Dancing Through the Wound

 Dancing Through the Wound: Reflections on Africa, Palestine, and the Art of Healing


Last night, I witnessed a dance performance that left my chest tight and my eyes wet. It was a history lesson . It was memory. A trembling truth pulsing through the bodies of dancers who became vessels,spirit carriers, moving through the anguish and beauty of African histories, through the legacy of slavery and the ripples of colonial violence. Every movement seemed to echo with an ancestral ache still too present in the now.


The cost of colonialism on Africa was laid bare; not in facts , but in sinew and sweat, in rhythm and rupture. The performance wasn’t telling a story, it was releasing one. A collective grief, trapped in generations, still playing out in the art of a people searching for healing. Searching for themselves beyond the stolen land, the stolen names, the stolen gods.


As I sat there, a witness in the dark. My breath slowed. My hands trembled. My heart said: “This is not history. This is happening.” I thought of the mothers. I thought of the children. I thought of the displacement, the diaspora, the dreams cut short but never fully extinguished.


And then—Palestine entered my mind.


Not as a political parallel, but as a spiritual kin. Another place where the cost of occupation is not just measured in bombed buildings or news headlines, but in broken hearts, disrupted rituals, and generations forced to carry the weight of a wound they didn’t create. Another place where art has become survival. Where song, dance, poetry, and painting are not luxuries but lifelines. Where culture becomes resistance, becomes prayer, becomes memory-keeper.


In both Africa and Palestine, I see a dance of survival. I see artists becoming truth-tellers, dream-weavers, and spirit-healers. I see bodies remembering what the world would rather forget.

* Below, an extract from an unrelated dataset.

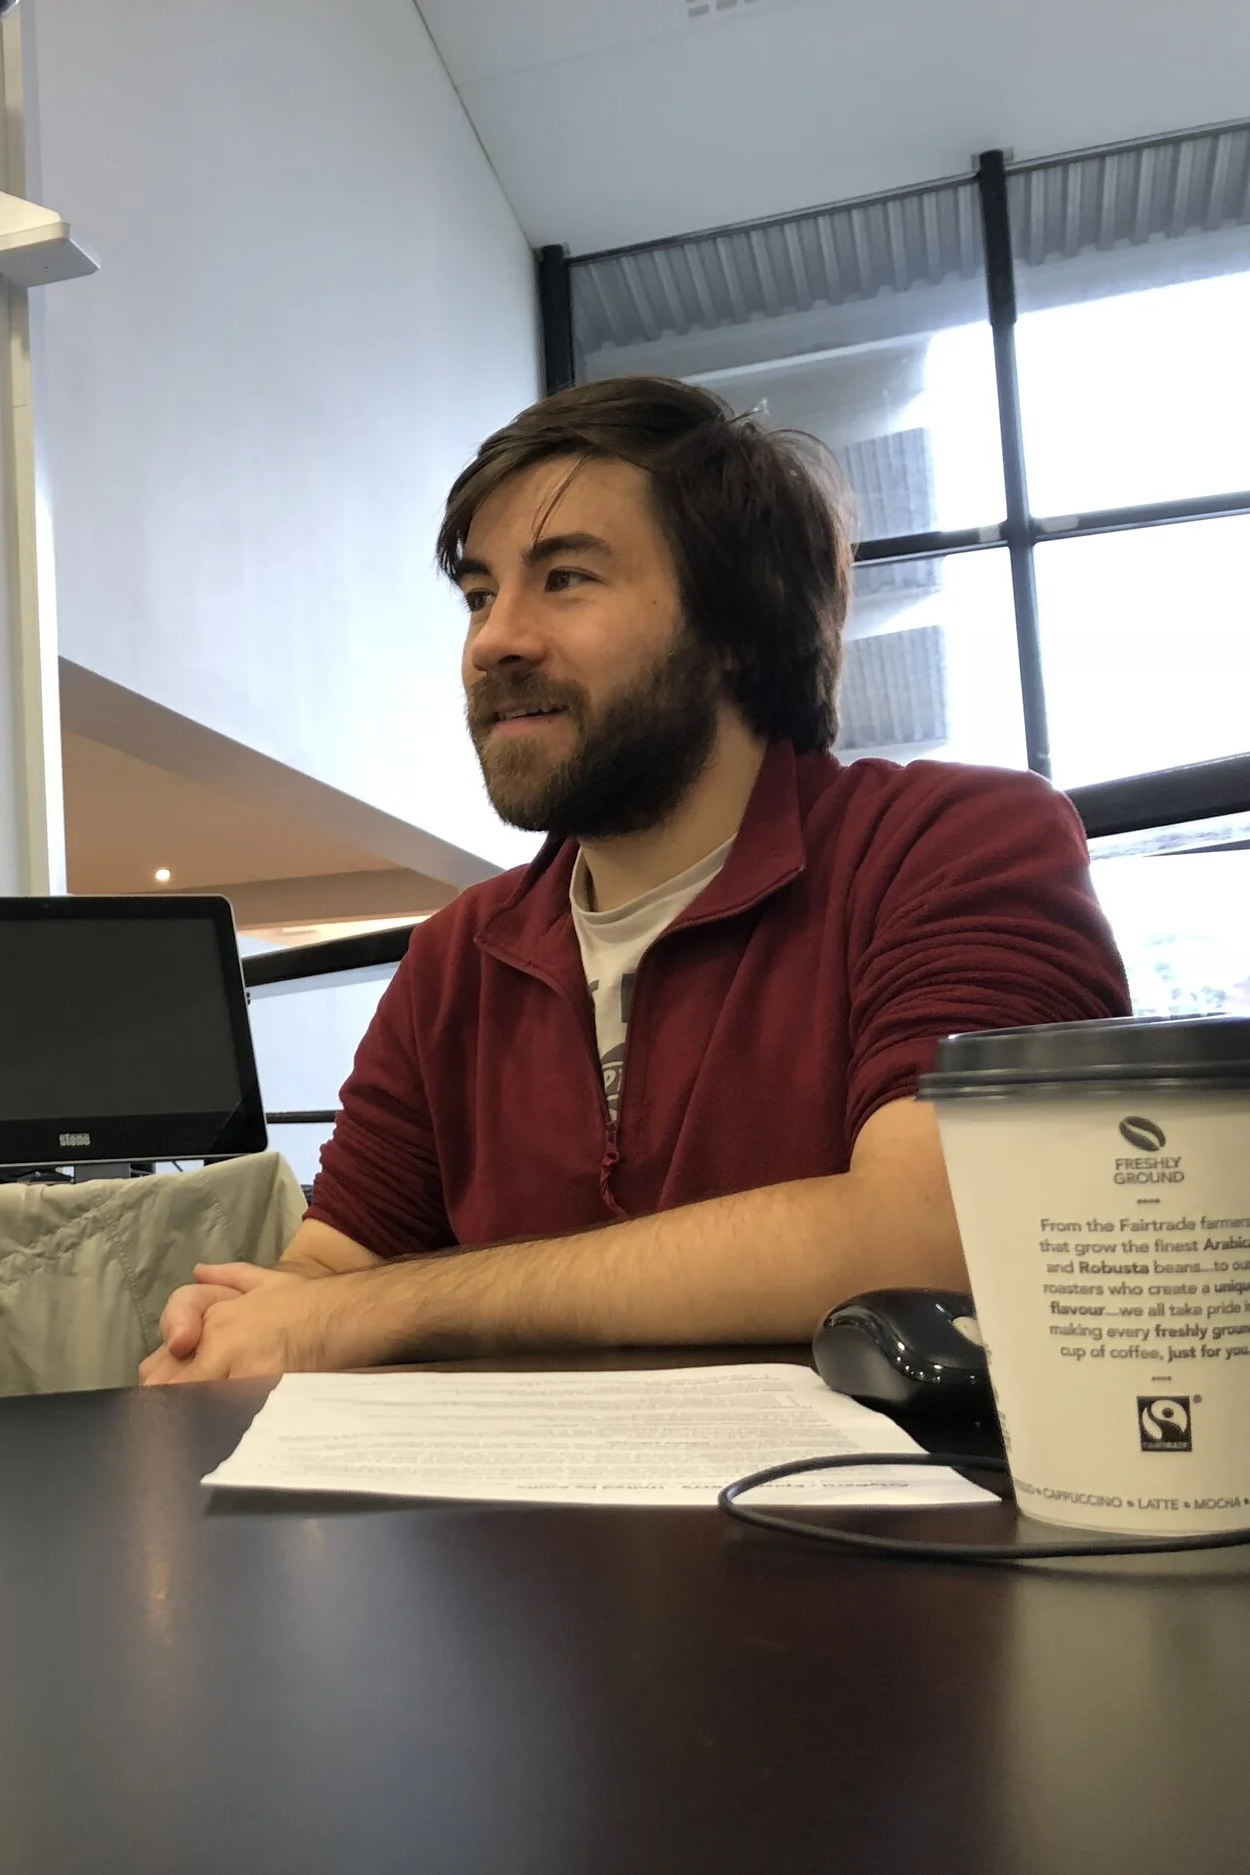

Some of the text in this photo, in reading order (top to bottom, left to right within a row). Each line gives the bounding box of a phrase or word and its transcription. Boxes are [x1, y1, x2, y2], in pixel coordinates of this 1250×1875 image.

I see the long arc of human suffering being bent; if not toward justice, then at least toward dignity. Toward presence.


Colonialism is not just an old ghost; it’s a present system. Its impact lives on in broken economies, in fractured families, in inherited trauma. But art is also a system, a sacred one. A way of reweaving what was torn. A way of saying: We are still here. We have always been here. And we remember.

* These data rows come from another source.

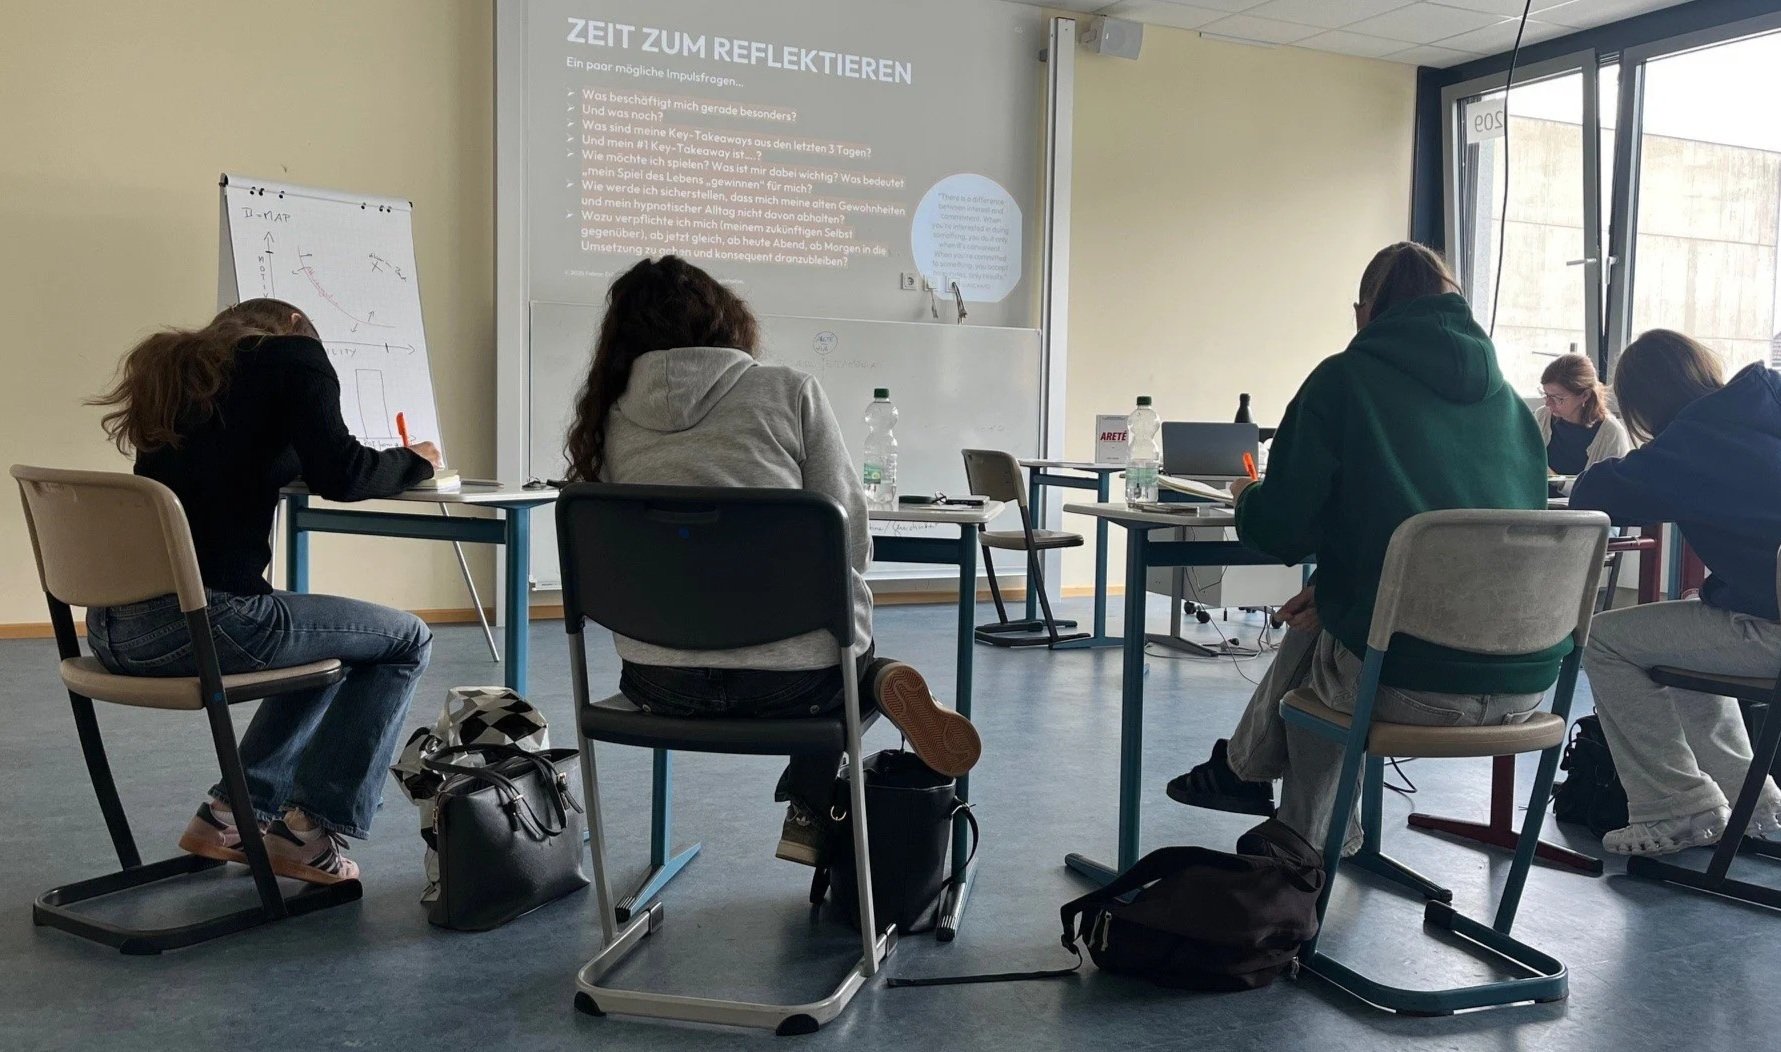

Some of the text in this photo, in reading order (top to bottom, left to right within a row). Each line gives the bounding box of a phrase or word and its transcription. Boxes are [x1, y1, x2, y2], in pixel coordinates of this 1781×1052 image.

[566, 17, 911, 84] ZEIT ZUM REFLEKTIEREN
[566, 57, 583, 68] Ein
[586, 62, 612, 72] paar
[615, 63, 664, 78] mögliche
[582, 89, 796, 120] Was beschäftigt mich gerade besonders?
[582, 104, 663, 121] Und was noch?
[582, 119, 871, 158] Was sind meine Key-Takeaways aus den letzten 3 Tagen?
[582, 134, 604, 146] Und
[607, 138, 633, 148] mein
[636, 139, 648, 150] #1
[650, 140, 730, 160] Key-Takeaway
[582, 150, 904, 187] Wie möchte ich spielen? Was ist mir dabei wichtig? Was bedeutet
[617, 168, 643, 181] Spiel
[645, 170, 664, 182] des
[666, 172, 703, 185] Lebens
[766, 180, 781, 191] für
[783, 182, 812, 193] mich?
[581, 179, 905, 215] Wie werde ich sicherstellen, dass mich meine alten Gewohnheiten
[581, 196, 844, 224] und mein hypnotischer Alltag nicht davon abhalten?
[581, 210, 852, 238] Wozu verpflichte ich mich (meinem zukünftigen Selbst
[580, 227, 886, 256] gegenüber), ab jetzt gleich, ab heute Abend, ab Morgen in die
[581, 240, 642, 256] Umsetzung
[658, 246, 692, 258] gehen
[693, 248, 712, 258] und
[714, 248, 772, 263] konsequent
[774, 252, 848, 266] dranzubleiben?
[1100, 430, 1127, 440] ARETÉ

As a displaced woman I hold space for these griefs to speak. I don’t rush to resolve them. I know healing takes time, several generations, sometimes. But I believe in the medicine of art. I believe in movement as prayer. I believe in the possibility of repair, not just through policy or politics, but through the sacred act of bearing witness.

As a re telling as re writing the future but holding the story close.


May the ancestors of Africa, of Palestine, and of every place touched by violence feel the pulse of these prayers rising. May the dance continue, not as performance, but as ceremony. Not as spectacle, but as reclamation.


And may we all remember: the body knows. The soul remembers. And art can bring us home.